Build your vocabulary with Merriam-Webster's Word of the Day! Each day a Merriam-Webster editor offers insight into a fascinating new word -- explaining its meaning, current use, and little-known details about its origin.
March 4th, 2015
Episode 125 of 713 episodes
Merriam-Webster's Word of the Day for March 04, 2015 is: sprightly \SPRYTE-lee\ adjective 1 : marked by a cheerful lightness and vivacity (as of movement or manner) : spirited 2 : having a distinctively piquant taste Examples: Uncle Jack, a sprightly man nearing 90, was an avid storyteller, and we all listened with rapt attention as he regaled us with his newest tale. "The somber, pensive orchestral prelude to Act III was magnificent. And Mr.
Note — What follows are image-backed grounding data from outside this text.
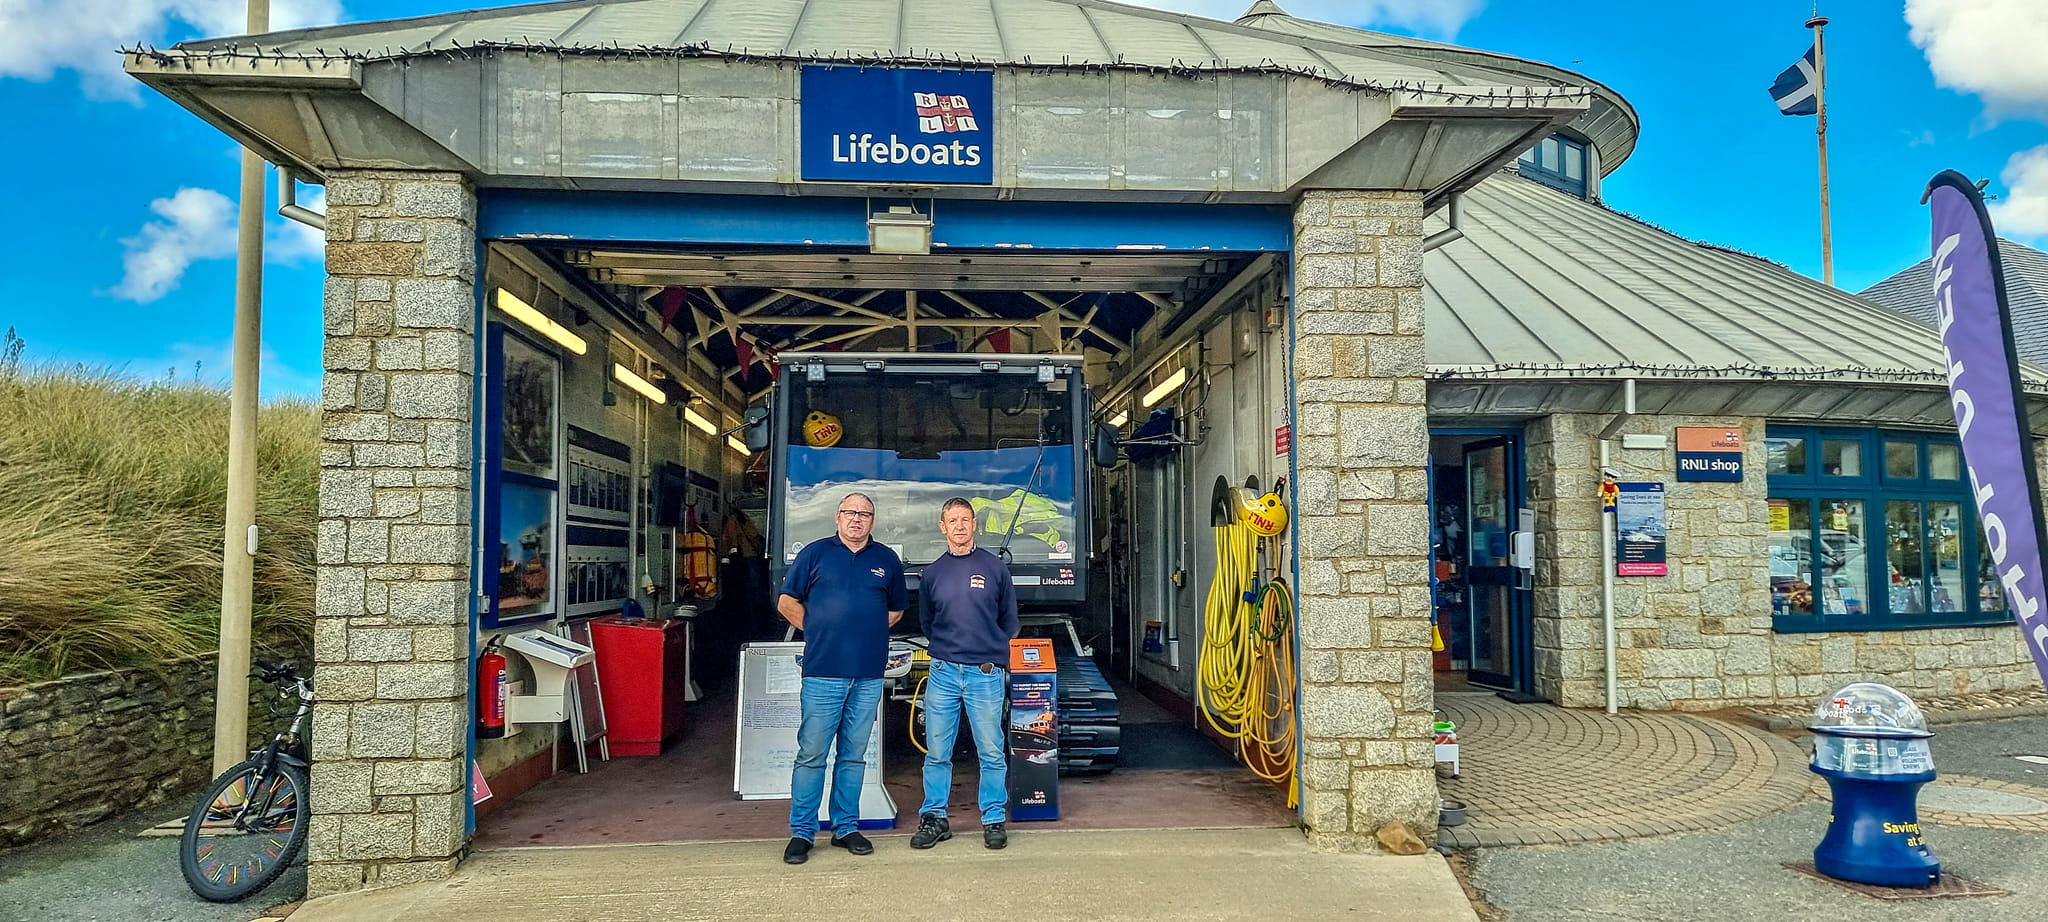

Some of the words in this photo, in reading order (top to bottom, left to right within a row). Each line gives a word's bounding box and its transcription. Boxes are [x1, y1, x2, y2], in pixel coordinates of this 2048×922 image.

[832, 133, 981, 166] Lifeboats
[1681, 458, 1709, 470] RNLI
[1711, 458, 1740, 474] shop
[1042, 577, 1075, 585] Lifeboats
[1882, 821, 1919, 835] Saving
[1907, 837, 1918, 847] at
Levine actually seemed to gain energy during the long final scene in the meadow, with the sprightly country dances and celebratory marches." Anthony Tommasini, New York Times, December 3, 2014 Did you know? Sprightly comes from spright, an archaic version of the word we now use for an elf or fairy: sprite. Ariel from Shakespeare's The Tempest and the leprechaun of Irish mythology are often referred to as sprites, and it's no coincidence that both are characterized by their light, flitting movements and mannerisms. Sprite derives via Middle English and Old French from the Latin spiritus, which of course gives us spirit as well. A similar-looking adjective that can describe someone who is nimble and energetic is spry, but that word is believed to be of Scandinavian origin.